Division Of Labour With InDesign's Book Command

By Carol Alexander

Each you choose New from the File menu in Adobe InDesign, you may have noticed the option to create a new book without ever knowing exactly what a book is. Well, in fact, books are a really useful feature: they allow you to take a series of related InDesign document and process them as a single entity called a book. All documents in the book can then share the same resources such as paragraph and character styles, swatches, master pages, sections and page numbering.

Having created a book, by choosing File-New-Book, the Book panel is displayed. It contains a panel menu with all the necessary options. The first task is to add documents to the book: from the Book panel menu, choose "Add Document" and select the documents you want to be treated as part of the book. The book panel can now act as a launch pad for each of the documents it contains: simply double-click a document to open it.

The book file can then be saved. The book is a separate file and a separate entity to the documents it contains and the documents in a book do not have to reside in the same location as the book or indeed as each other. To save the book, choose Save Book in the Book panel menu: to save each document in the book, simply used File-Save, as per usual.

Next, elect one of the documents in the book to be treated as the style source. The document chosen as the style source will be used as the master document in the process known as synchronization whereby InDesign replaces the colour swatches and styles of all documents in the book with those in the style source document.

To set page numbering across the whole book, choose Book Page Numbering Options in the Book panel menu.
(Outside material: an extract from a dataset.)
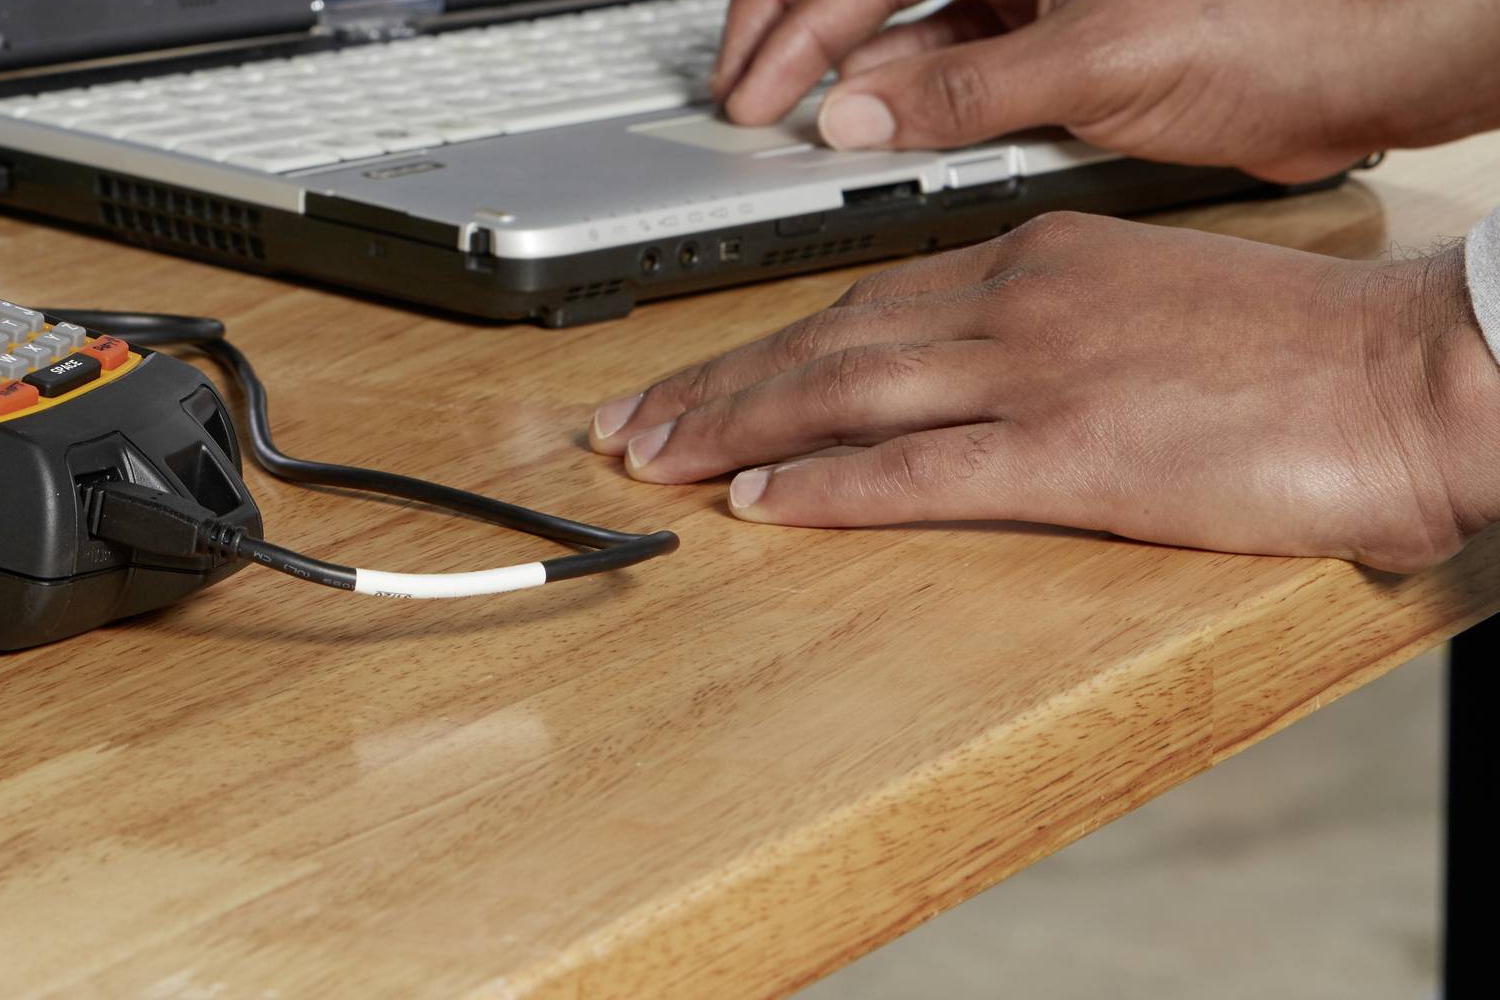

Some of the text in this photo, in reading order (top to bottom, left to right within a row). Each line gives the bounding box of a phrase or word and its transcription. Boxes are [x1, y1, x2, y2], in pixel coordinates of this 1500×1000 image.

The default is "Automatically Update Page & Section Numbers": this will cause InDesign to number pages in the documents within the book according to the order in which they are listed in the Book panel.

Books are a great tool for division of labour since the fact that a document is part of a book does not stop it from being a regular InDesign document. If a book contains five documents, five different people can work on each of those documents and then, at the end, the whole book can be preflighted, printed and output as PDF as a single unit.

Both tables of contents and indexes can also be generated for the entire book as well as for a single document. Simply create the table of contents or index in the usual way but activate the option "Include Book Documents".